Monday, July 11, 2022

Improved Approach to Learning by Ms. Karimata

 Jul. 12, 2022


This morning I saw a very interesting program on TV about an instructor who teaches junior high school students about one of the fiercest battles between Japan and the US during the second world war--the battle in Okinawa. 

Ms. Karimata is not a public school teacher. She is an outside speaker. She is invited to school and teach a lesson. Before she was invited, local war survivors would tell students stories of the battle. But with each passing year the numbe of story-tellers has been decreasing as one passed away after another as time went on.

Local school teachers were not able to come up with a good alternative to story-telling when Ms. Karimata offered an helping hand. 

Ms. Karimata (24) is an instructor who teaches about the battel in Okinawa. She uses active-learning skills to junior high and senior high students. She asks questions, gets learners to think, and makes them work in pairs and groups to exchange opinions. This allows them to learn a topic at deeper levels. She uses quizes to make it intereting, too.

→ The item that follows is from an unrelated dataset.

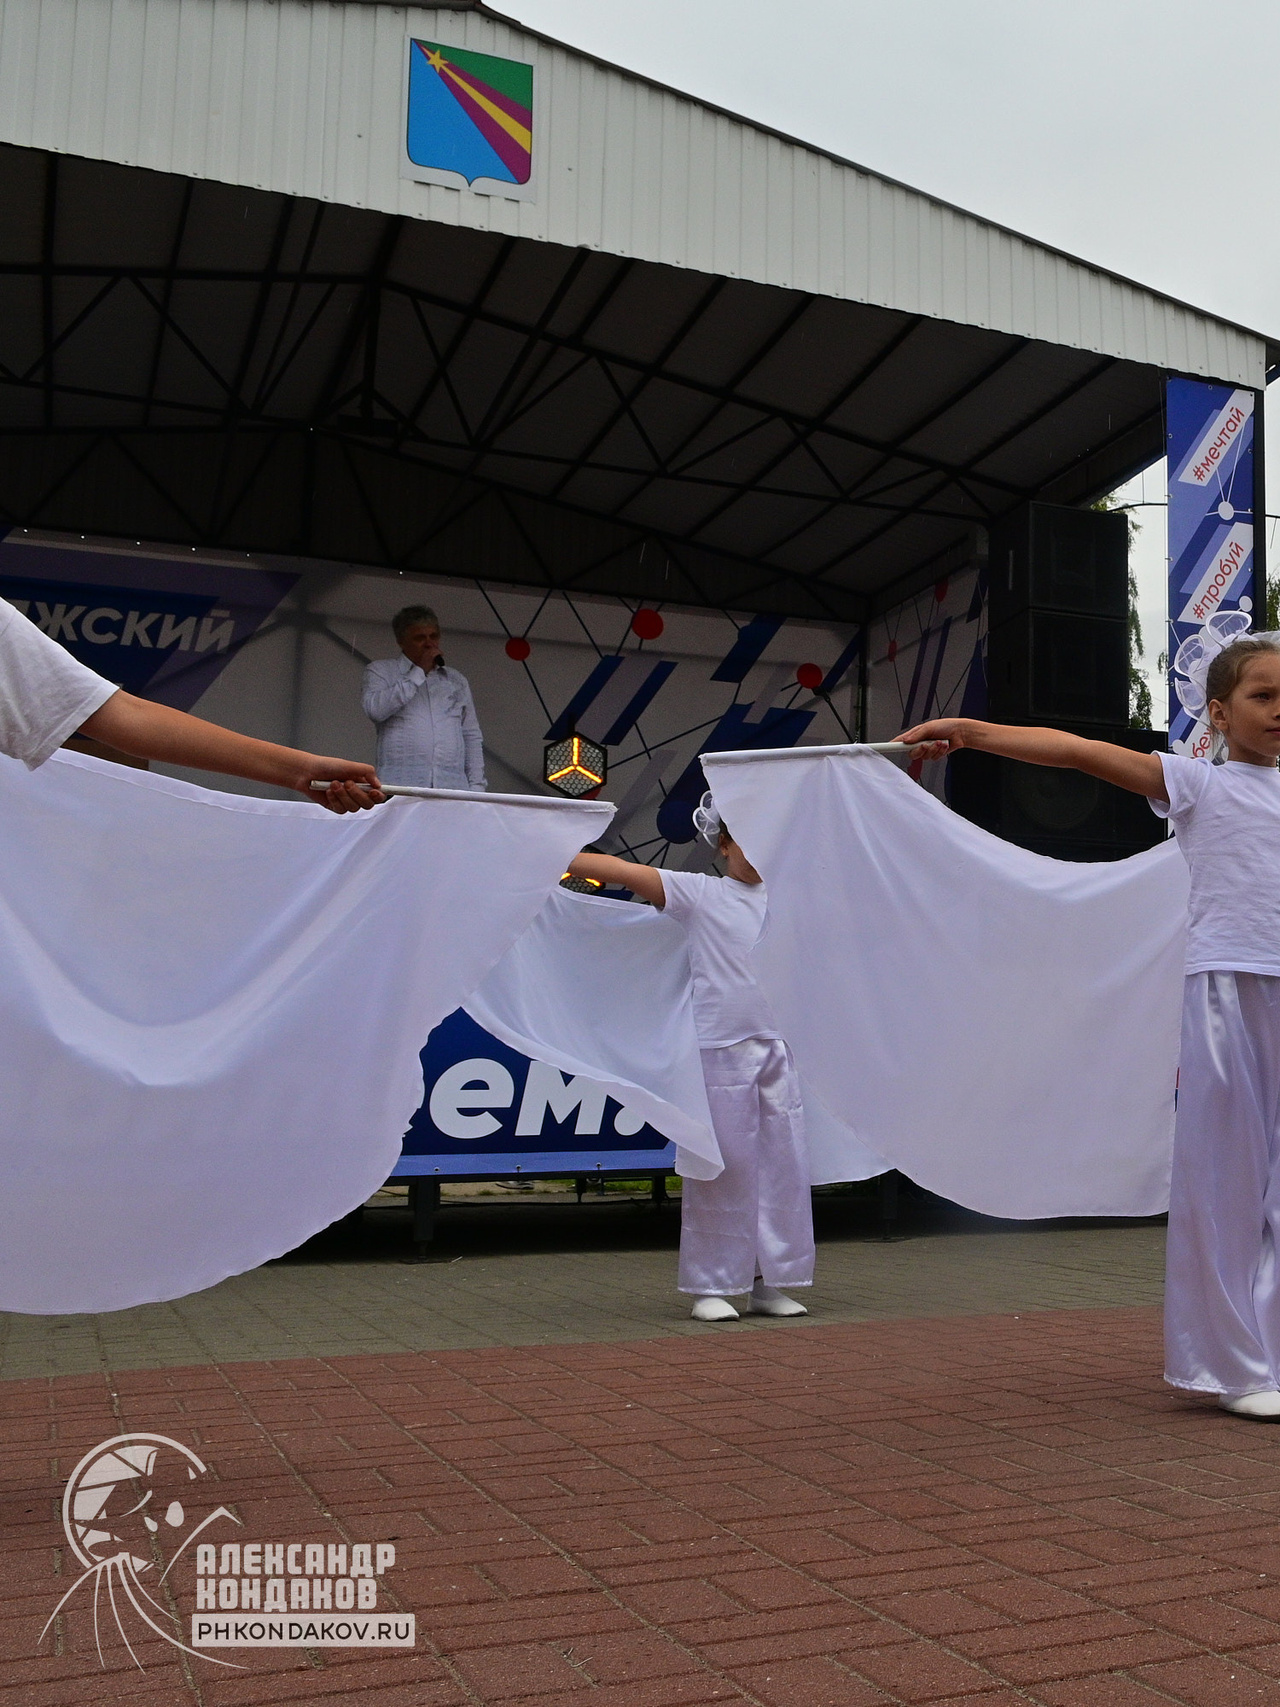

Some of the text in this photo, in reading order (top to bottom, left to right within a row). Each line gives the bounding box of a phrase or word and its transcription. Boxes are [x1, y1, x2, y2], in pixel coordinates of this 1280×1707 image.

[1192, 406, 1245, 482] #мечтай
[1192, 541, 1245, 620] #пробуй
[8, 599, 236, 654] ЖСКИЙ

Her lesson begins with a choice between leaving the island of Okinawa and staying there when America's landing was imminent. One student was asked which choice he would choose. He says, "Leave." Ms. Karimata asks, "Why?" He says, "'Cause I don't want to die." "Fair enough," Ms. Karimata responds. Immediately after this exchange, a short lecture was introduced to the students about the "Tsushima-maru Incident," in which a large evacuation boat named Tsushima-maru was sunken with  a torpedo from a US submarine. One thousand four hundred eighty-four people lost their lives, 800 of which were children. The boy who had answered "Leave" a minute before dropped his jaw and remained speechless for a moment...

It's just a number of questions Ms. Karimata asks the participants to stimulate their imagination and get them to "think" in order to survive the harshest of situations.

Her lesson ends with a statement that there is no one correct answer that works for everyone, and that each one of us must think hard on what to do to survive.

Local public teachers were all highly impressed with the way Ms. Karimata had their students voluntarily engage in activities and they also looked tremendously inspired to see the young learners actively exchange their opinions and be inspired by their fellow classmantes' opinions.   

It is a new educational approach to learning about important topics that should be shared among many whose mission is transmission of valuable information.